== PROBLEM ==
Every record below needs to be set down exactly. Pictures do not belong in the copy.

'''

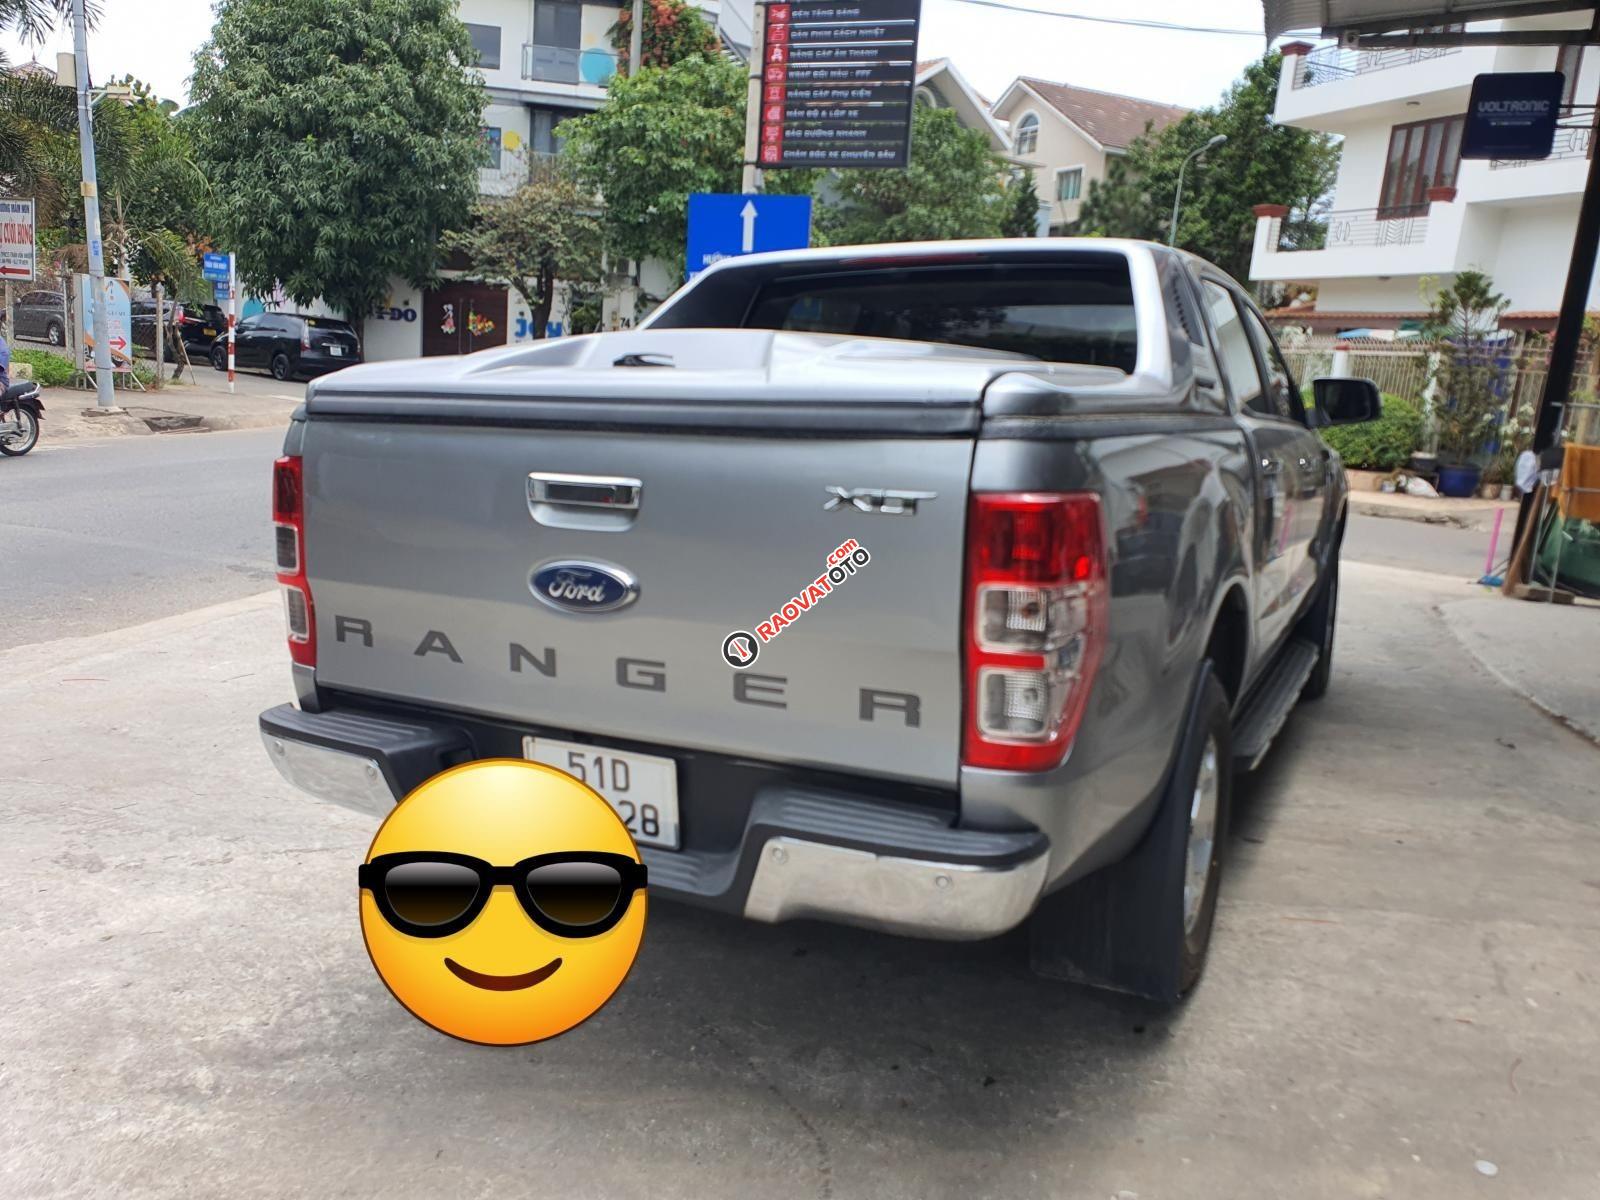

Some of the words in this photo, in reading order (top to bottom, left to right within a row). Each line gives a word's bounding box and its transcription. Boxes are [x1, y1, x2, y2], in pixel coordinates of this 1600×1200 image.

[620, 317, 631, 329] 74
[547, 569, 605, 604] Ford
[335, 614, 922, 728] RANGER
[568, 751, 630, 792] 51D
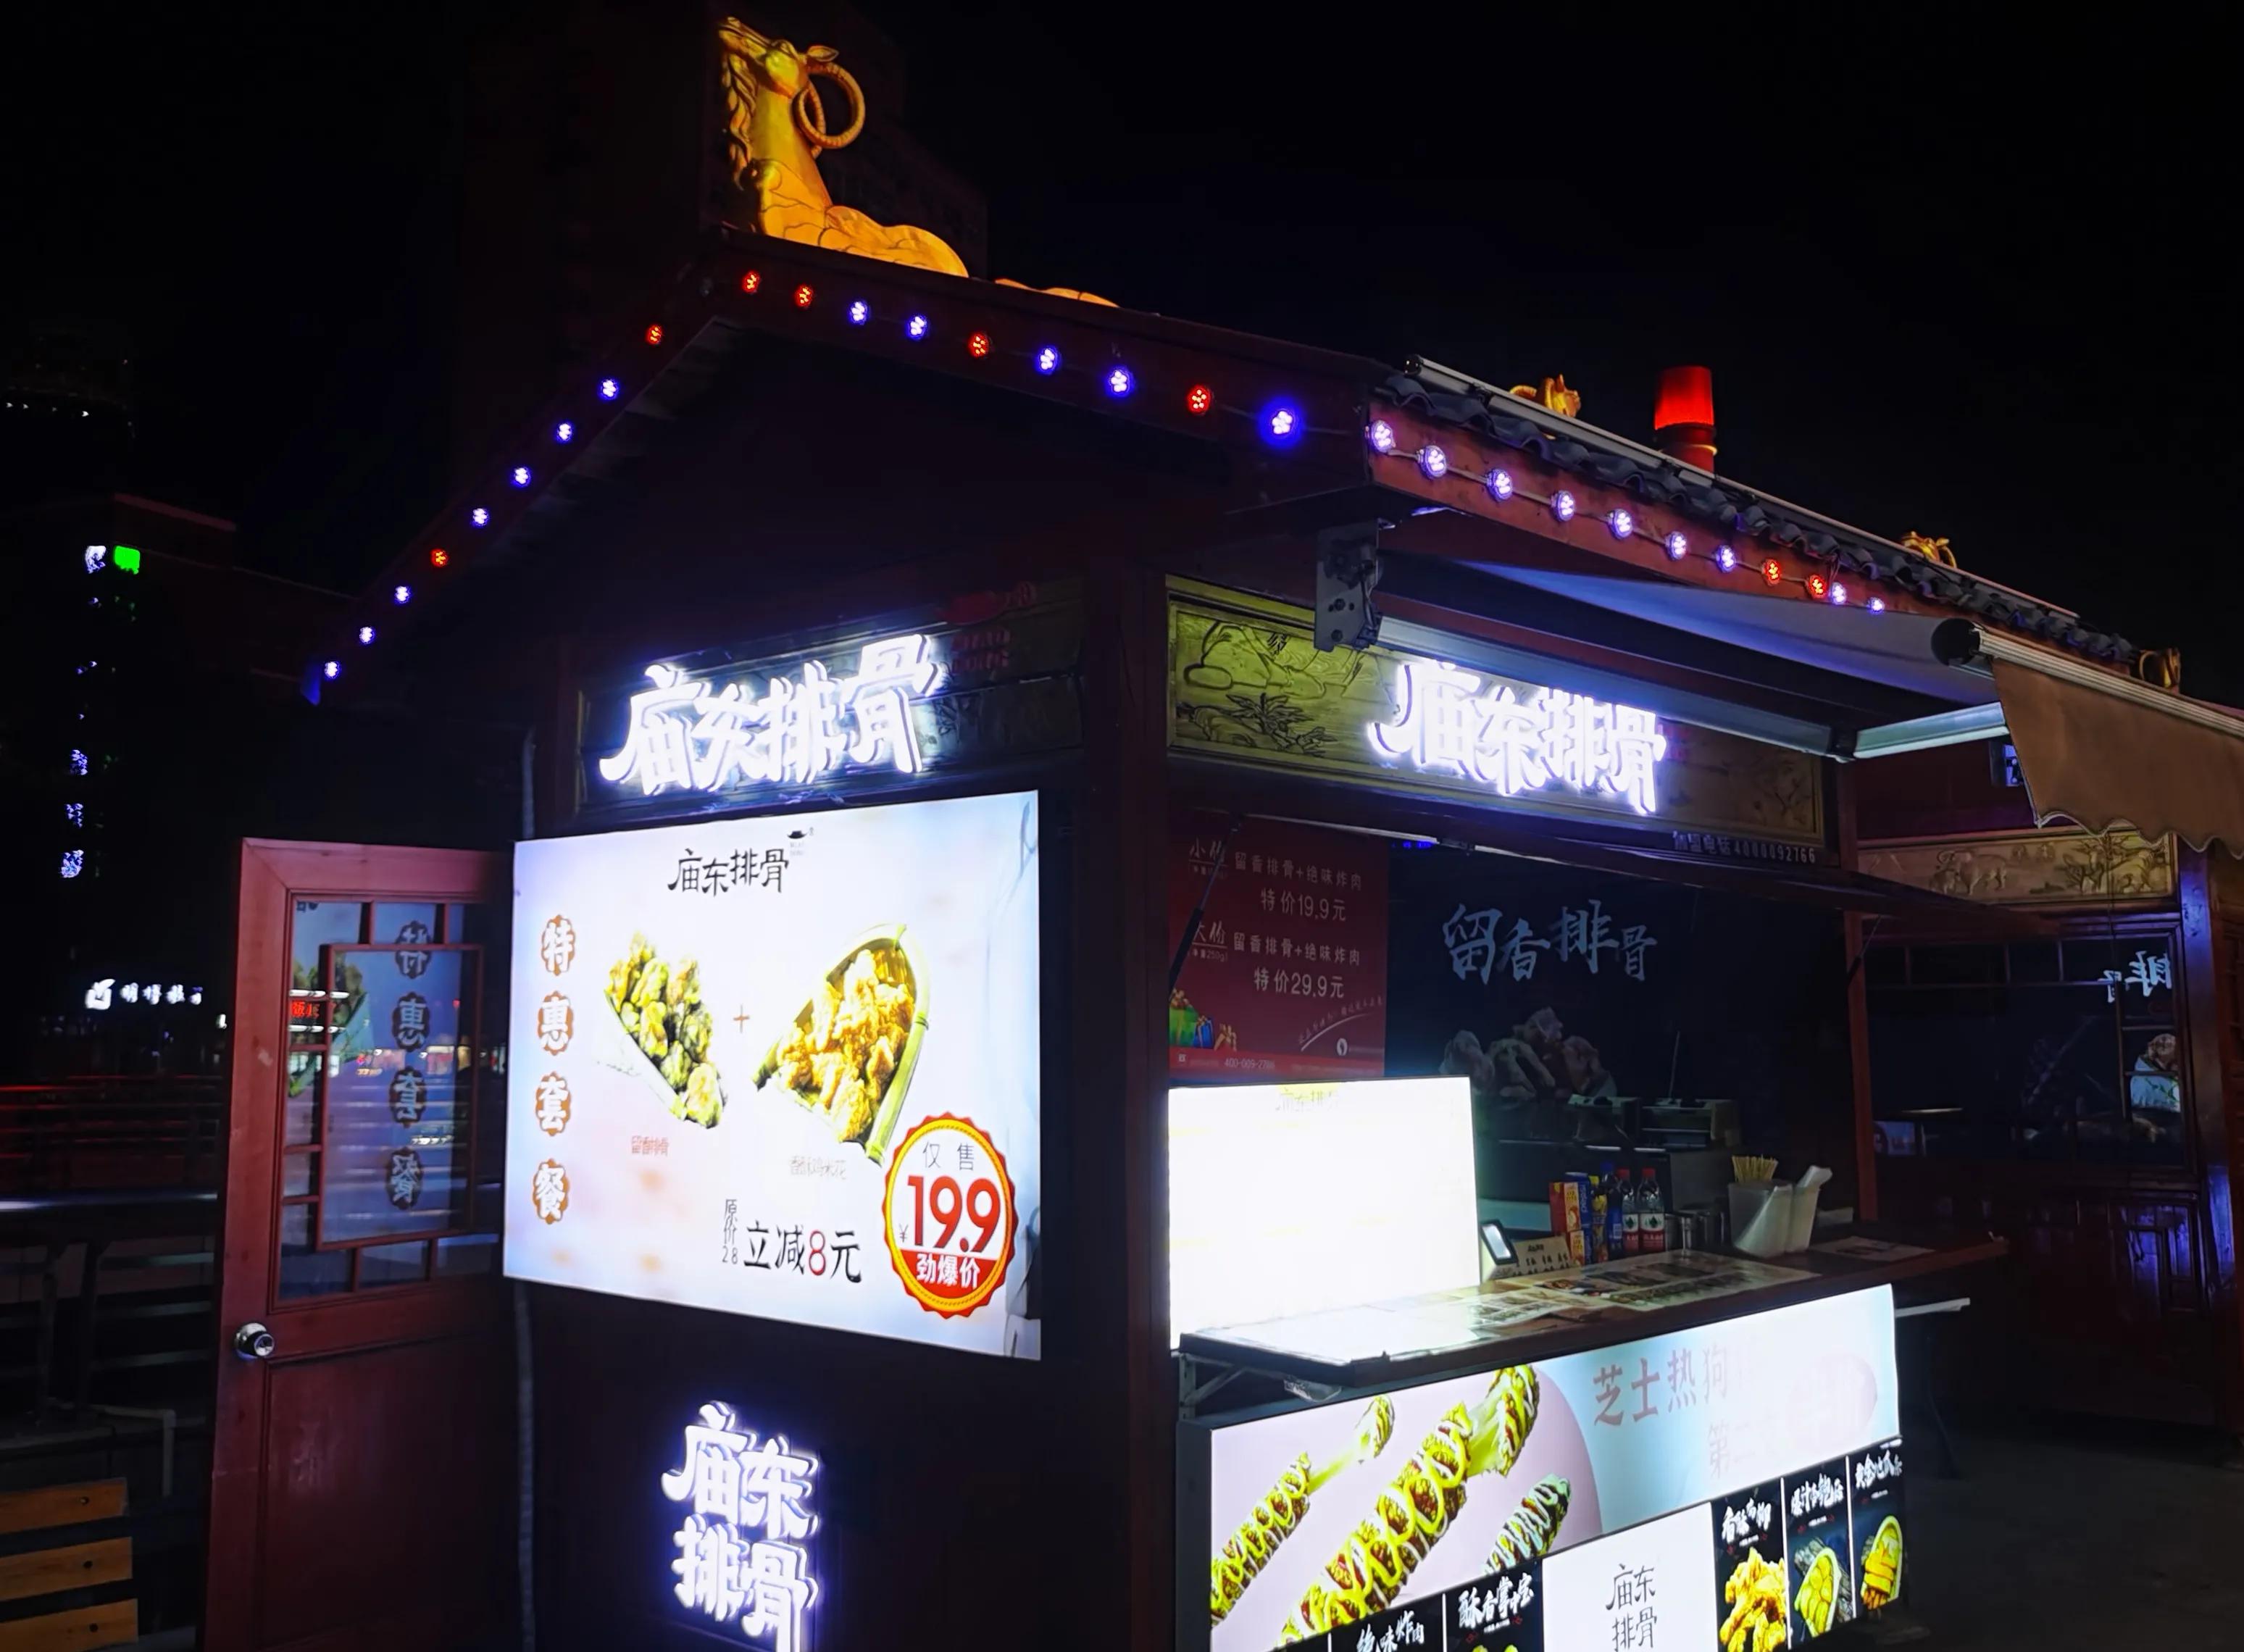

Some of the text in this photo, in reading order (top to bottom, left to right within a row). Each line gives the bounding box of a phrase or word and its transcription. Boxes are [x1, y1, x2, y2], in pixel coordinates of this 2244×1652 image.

'''

== TASK ANSWER ==
Some of the words in this photo, in reading order (top to bottom, left to right within a row). Each line gives a word's bounding box and its transcription. Boxes are [x1, y1, x2, y2], in pixel coordinates of this 1600×1200 image.

[620, 317, 631, 329] 74
[547, 569, 605, 604] Ford
[335, 614, 922, 728] RANGER
[568, 751, 630, 792] 51D

Some of the text in this photo, in reading order (top to bottom, left to right within a row). Each line gives the bounding box of a phrase or word and its transcription. Boxes are [x1, y1, x2, y2], in pixel coordinates of this 2244×1652 image.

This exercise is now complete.